Observations of cooling neutron stars

Research paper by J. E. Truemper

Indexed on: 12 May '05Published on: 12 May '05Published in: Astrophysics


Observations of cooling neutron stars allow to measure photospheric radii and to constrain the equation of state of nuclear matter at high densities. In this paper we concentrate on neutron stars, which show thermal (photospheric) X-ray emission and have measured distances. After a short summary of the radio pulsars falling into this category we review the observational data of the 7 radio quiet isolated neutron stars discovered by ROSAT which have been studied in detail by Chandra, XMM-Newton and optical observations. Their spectra show blackbody temperatures between 0.5 and 1 million Kelvin and an optical excess of a factor of 5-10 over the extrapolation of the X-ray spectrum. Four of these sources show periodicities between 3.45 and 11.37 s, indicating slow rotation.

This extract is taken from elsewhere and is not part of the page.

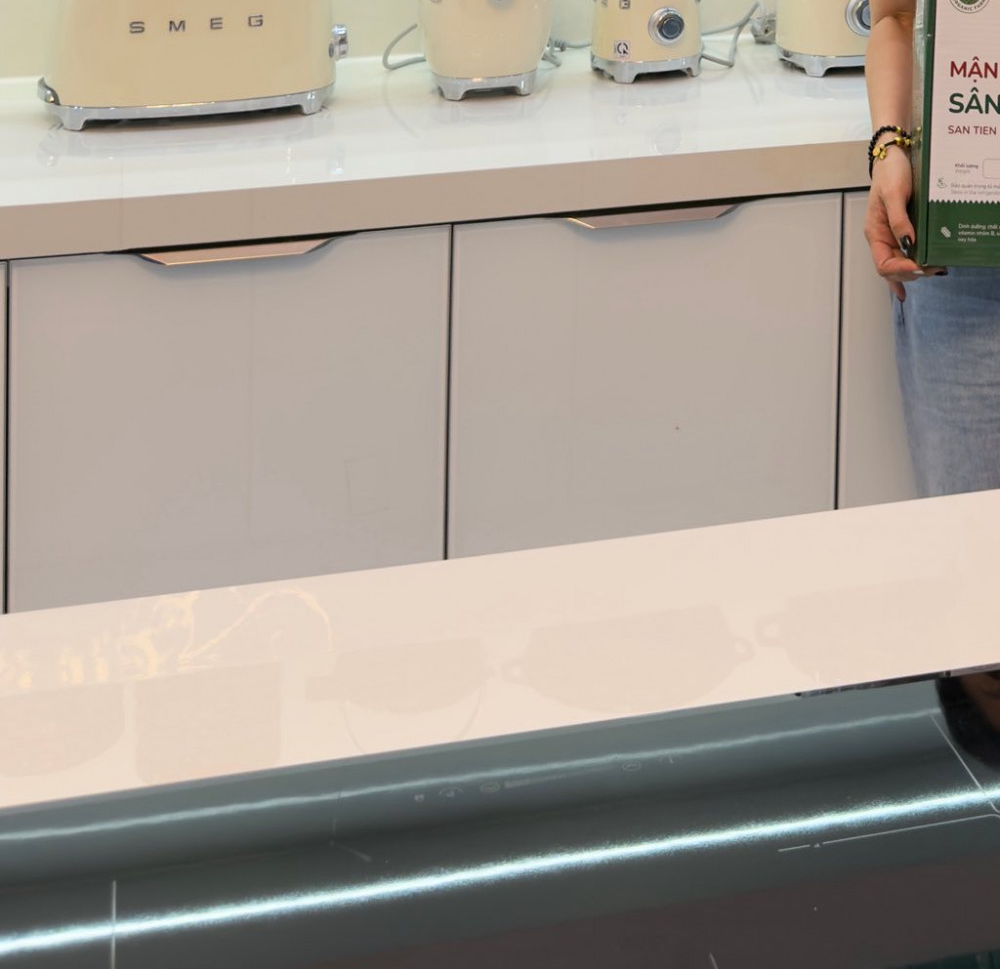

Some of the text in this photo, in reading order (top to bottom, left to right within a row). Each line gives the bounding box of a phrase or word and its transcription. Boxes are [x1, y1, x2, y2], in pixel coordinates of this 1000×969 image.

The pulsed fractions are small, between 6 and 18 %. The magnetic fields derived from spin down and/or possible proton cyclotron lines are of the order 10$^{13}-10^{14}$ G. We then discuss RX J1856.5-3754 in detail and suggest that the remarkable absence of any line features in its X-ray spectrum is due to effects of strong magnetic fields ($\sim 10^{13}$ G). Assuming blackbody emission to fit the optical and X-ray spectrum we derive a conservative lower limit of the ``apparent'' neutron star radius of 16.5 km $\times$ (d/117 pc). This corresponds to the radius for the ``true'' radius of 14 km for a 1.4 M$_{\odot}$ neutron star, indicating a stiff equation of state at high densities. A comparison of the result with mass-radius relations shows that in this case a quark star or a neutron star with a quark matter core can be ruled out with high confidence.